O'Toole is a confident, breezy young man. When he was a boy, his father tried to change him into a right-hander. He refused. The nuns at school tried next. He still refused. That stubborn streak remains. "No one could tell him how to pitch," says a teammate. "He was going to learn it all himself and by golly if he didn't."

O'Toole signed with the Reds in 1958 for a $50,000 bonus and spent the season in Nashville. He won 20 games, was voted Minor League Player of the Year and appeared on the Ed Sullivan Show. "I didn't have any speaking lines," he says. "I just smiled. Whitey Ford was on the same show."

O'Toole was a diligent worker. He wrote THINK on the back of his glove, kept tape-recorded notes on how to pitch to batters and jotted down the preachings of Birdie Tebbetts, then the Cincinnati manager. The Reds brought him up in 1959, and he finished with a 5-8 record. Last year he was 12-12.

In one game last year he gave up three bunt singles to Bill White of the Cardinals. The third time it happened, Fred Hutchinson arrived at the mound as though by catapult. "I'm sorry, Babe," O'Toole said brashly. "I gave him my best shot."

"Well, Babe," growled Hutch, "your best shot isn't good enough."

"He's still an immature kid," says one of the Cincinnati sportswriters. "He's likely to call you anything. But it's that same spirit that's going to make him a great pitcher."

Bob Purkey, 32, won 16 games this year.

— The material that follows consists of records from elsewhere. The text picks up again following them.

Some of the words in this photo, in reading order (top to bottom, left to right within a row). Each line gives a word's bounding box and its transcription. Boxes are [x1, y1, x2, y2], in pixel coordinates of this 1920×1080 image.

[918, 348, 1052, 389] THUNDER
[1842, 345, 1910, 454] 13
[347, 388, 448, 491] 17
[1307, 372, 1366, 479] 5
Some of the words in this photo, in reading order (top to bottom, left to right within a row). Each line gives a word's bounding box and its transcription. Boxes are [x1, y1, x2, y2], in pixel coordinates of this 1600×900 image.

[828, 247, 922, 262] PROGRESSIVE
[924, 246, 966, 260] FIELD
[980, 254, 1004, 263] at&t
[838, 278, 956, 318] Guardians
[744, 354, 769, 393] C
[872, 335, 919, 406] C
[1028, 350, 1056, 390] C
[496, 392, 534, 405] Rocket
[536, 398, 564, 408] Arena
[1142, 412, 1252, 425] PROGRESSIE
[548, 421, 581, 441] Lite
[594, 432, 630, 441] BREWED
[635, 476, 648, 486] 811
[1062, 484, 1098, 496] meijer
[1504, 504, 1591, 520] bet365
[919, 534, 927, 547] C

He threw a knuckle ball often enough and well enough to cause the Cincinnati management to buy an exceptionally large catcher's glove like the one Baltimore uses when Hoyt Wilhelm is at work. Purkey does not throw hard. "Watch him warm up and you wouldn't give 5¢ for him," Birdie Tebbetts once said. "But he gets them out."

Several years ago Purkey was watching the Yankees and Braves in the World Series. Eddie Mathews got up with the bases loaded and the Yankees brought in a new pitcher. "How would you like to be coming in to pitch in a position like that?" his wife asked him.

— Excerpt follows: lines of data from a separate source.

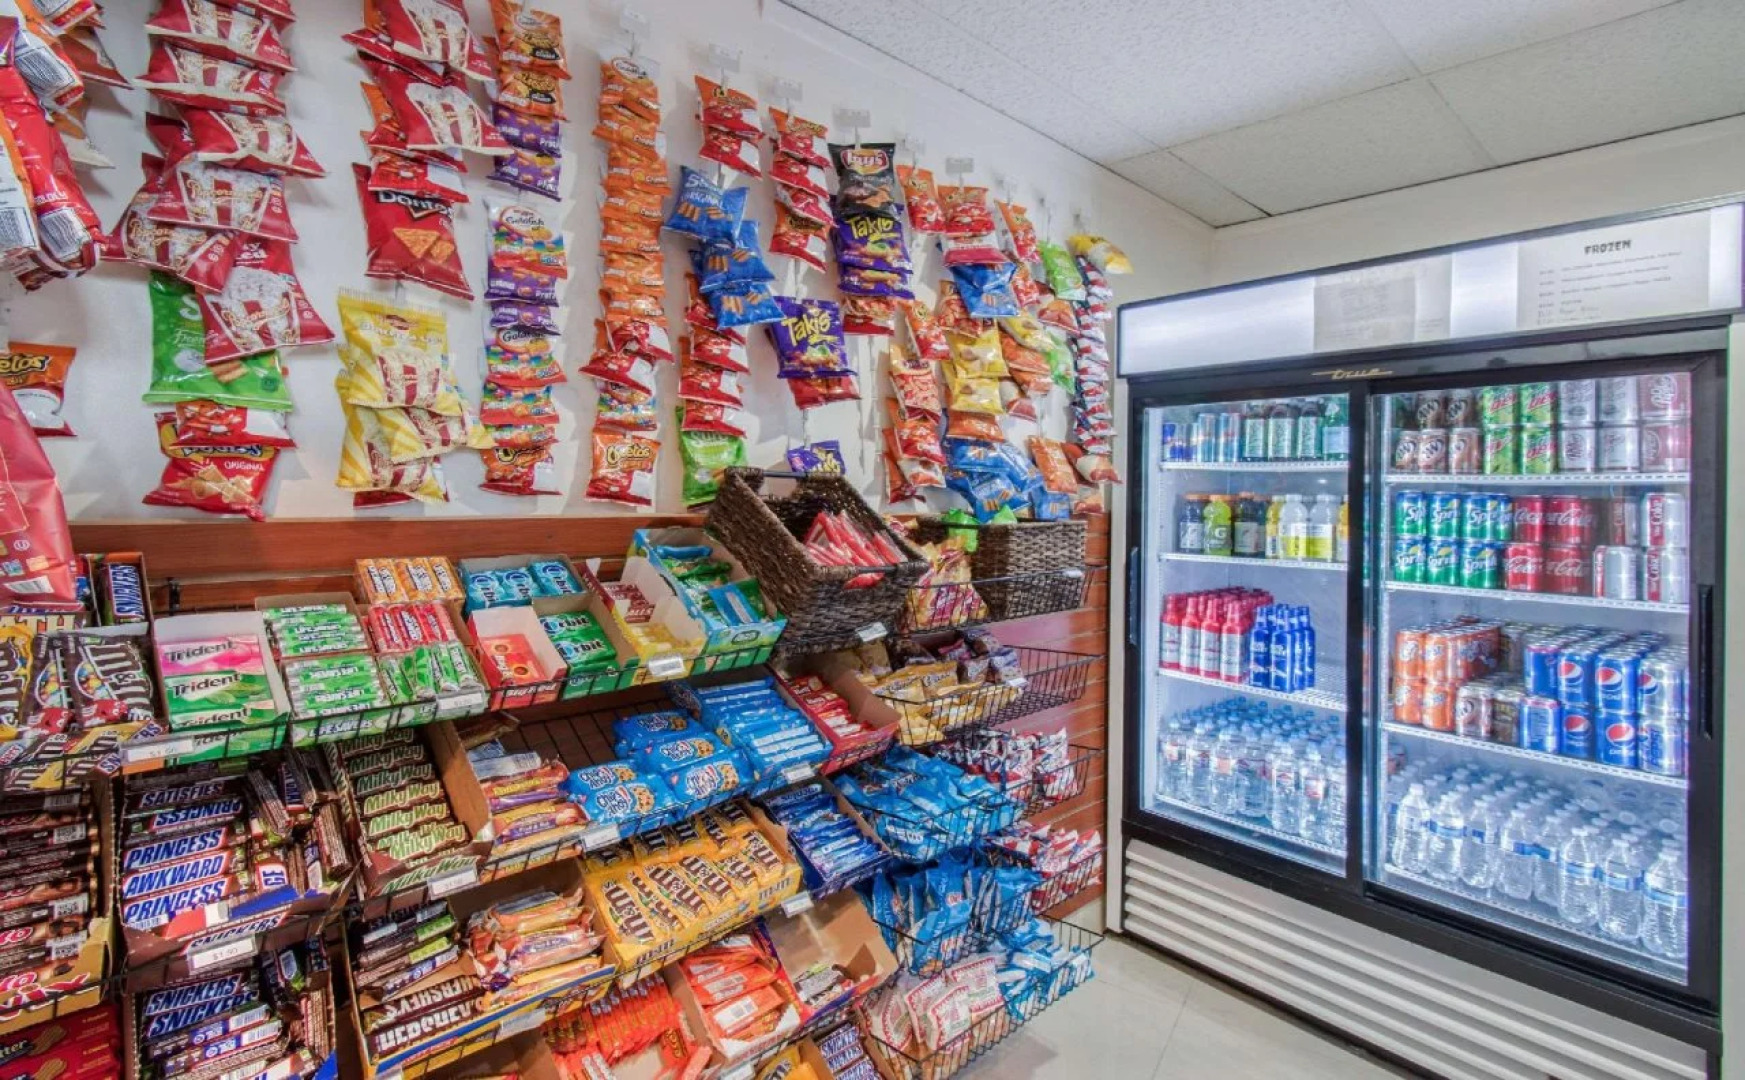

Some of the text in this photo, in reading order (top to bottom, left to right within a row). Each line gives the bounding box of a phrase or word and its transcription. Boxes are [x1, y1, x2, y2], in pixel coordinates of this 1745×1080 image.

[1584, 239, 1632, 255] FROZEN
[782, 313, 831, 347] Takis
[164, 641, 235, 664] Trident
[172, 673, 240, 698] Trident
[350, 744, 424, 774] Milky Way
[140, 782, 225, 808] SATISFIES
[358, 763, 432, 794] Milky Way
[365, 781, 440, 814] Milky Way
[154, 802, 243, 828] PRINCESS
[370, 802, 447, 835] Milky Way
[126, 829, 223, 871] PRINCESS
[390, 824, 466, 859] Milky Way
[125, 853, 227, 899] AWKWARD
[125, 880, 226, 925] PRINCESS
[149, 974, 240, 1014] SNICKERS

"Just give me a chance," Purkey said to her. He has that chance now.

Jim Brosnan, 32, spent five years in the majors as a pitcher of little distinction, then wrote a book (SI, March 7, 1960)—a witty and acid diary of a baseball season—and suddenly found himself one of the most controversial players in the game. His pitching, as if responding to this stimulus, improved sharply. This year, winning 10 games and saving 16 more, Brosnan has become one of the best relief pitchers in baseball.

Who's interviewing who?

Brosnan presents a curious problem to sportswriters. Cincinnati reporters say they are definitely conscious of the fact that when they interview him, they themselves are being interviewed too. They are, therefore, extremely careful in their choice of words, for what they say is quite likely to show up in the new book Brosnan is writing about Cincinnati's pennant-winning year.

Bill Henry, 33, is a long, lean Texan who has been in and out of the majors since 1952. He doesn't talk much, so of course his nickname is Gabby. Henry is a left-handed relief pitcher who this year won two games and saved 16. He is likely to be used often in the Series against the Yankee left-handed sluggers, Maris, Berra and Blanchard.

Recently Henry was showing his teammates a new shotgun he had bought.

"What do you hunt with that?" he was asked.

"Ducks," he said.

"Where do you hunt?"


"Did you buy that gun here in Chicago?"


But then there is no rule in baseball that pitchers have to talk.